Chainlink (The industry-standard oracle network ) versus RedStone (Modular oracle that ships new LST, LRT and RWA feeds faster than anyone) — how they differ on type, coverage and what they’re built for.
| Chainlink | RedStone | |
|---|---|---|
| Type | Push + Pull | Push + Pull |
| Update model | Decentralized Oracle Networks (DONs); heartbeat + deviation threshold.

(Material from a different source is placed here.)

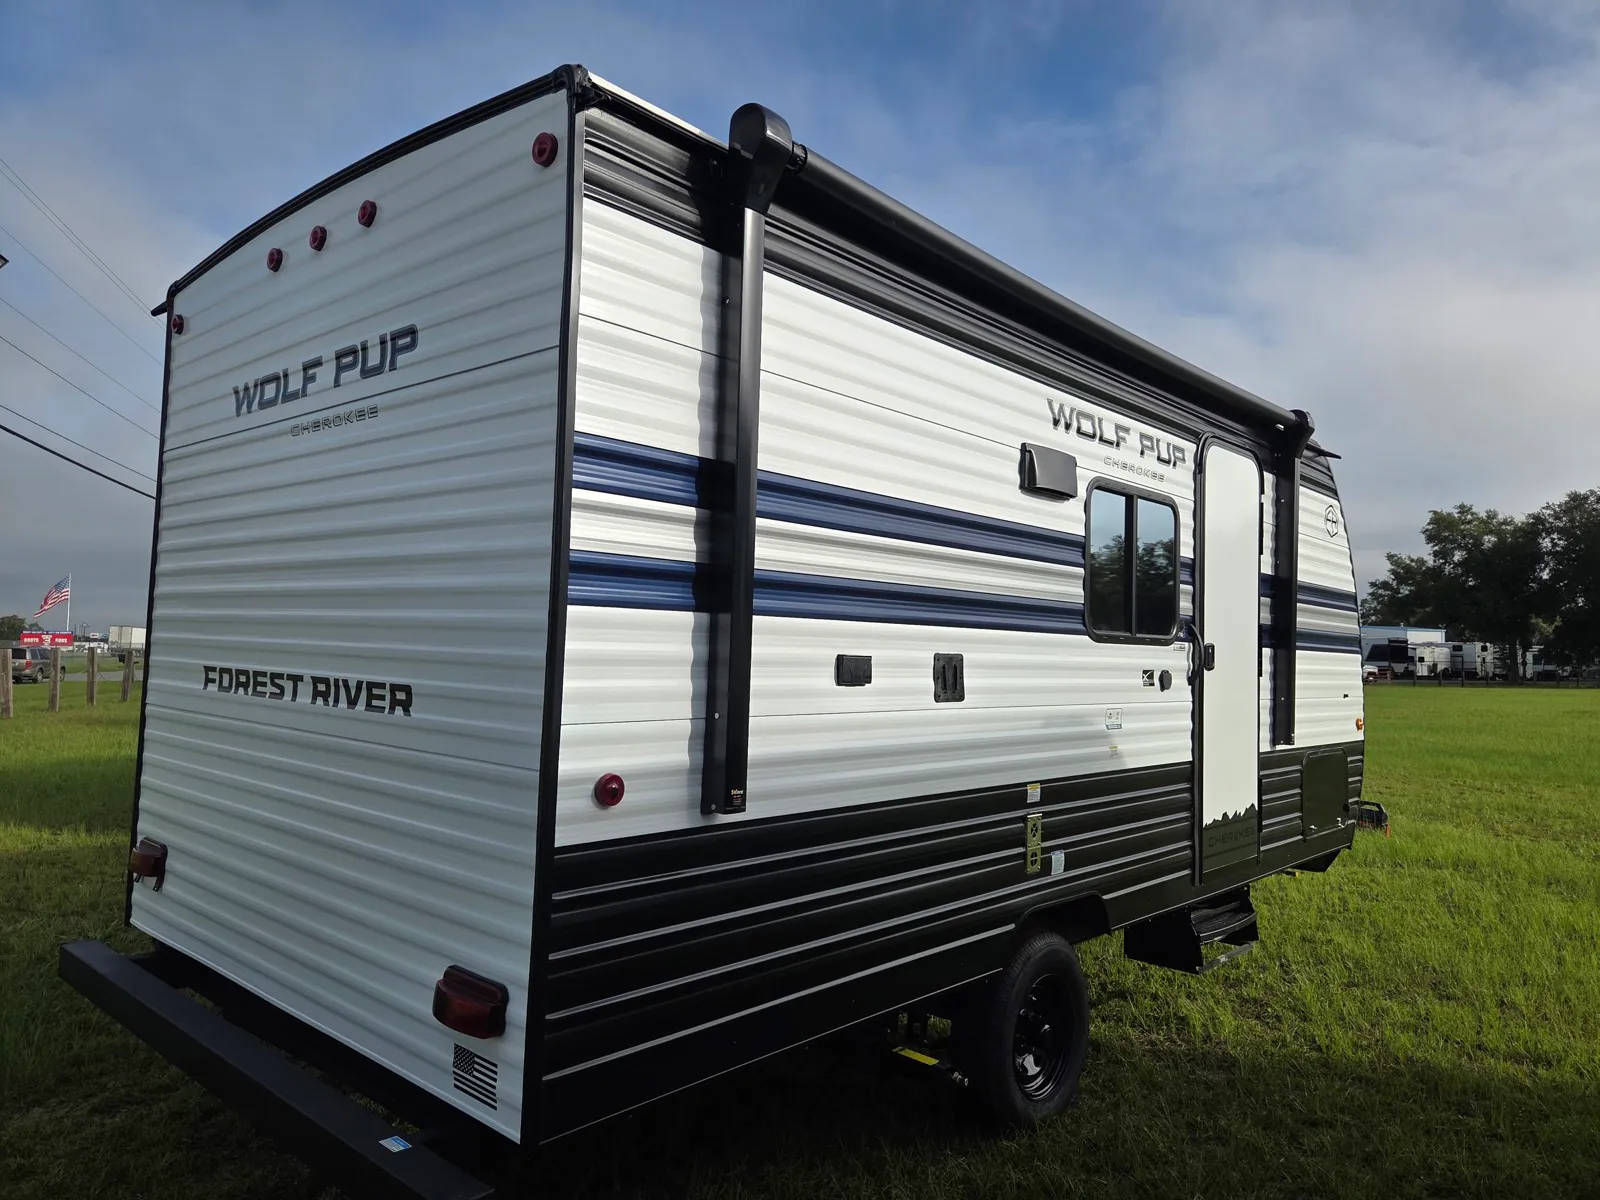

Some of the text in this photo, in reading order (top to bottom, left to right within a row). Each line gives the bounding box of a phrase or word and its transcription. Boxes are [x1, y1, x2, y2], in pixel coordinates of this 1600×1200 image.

Data Streams add a low-latency pull mode. | Pull-first modular design: data is signed off-chain and delivered on-demand, or pushed on a schedule — pick per use case. |
| Chains | 40+ | 100+ |
| Feeds | 1,000+ | 1,000+ |
| Security | Many independent, Sybil-resistant node operators per DON, with LINK staking and reputation. | Signed data packages verified on-chain; modular delivery across EVM and cross-chain. |
| TVS* | ~$33B | ~$3.6B |
| Token | LINK | RED |
| Best at | Broadest coverage + a full stack: CCIP cross-chain, VRF randomness, Functions, Proof of Reserve, Data Streams | Yield-bearing collateral — the go-to oracle for liquid staking (LST) and liquid restaking (LRT) tokens |
* Approximate total value secured — dated market snapshot (DefiLlama / provider reports, 2026).
Pick Chainlink when broadest coverage + a full stack: ccip cross-chain, vrf randomness, functions, proof of reserve, data streams matters most; pick RedStone when yield-bearing collateral matters more.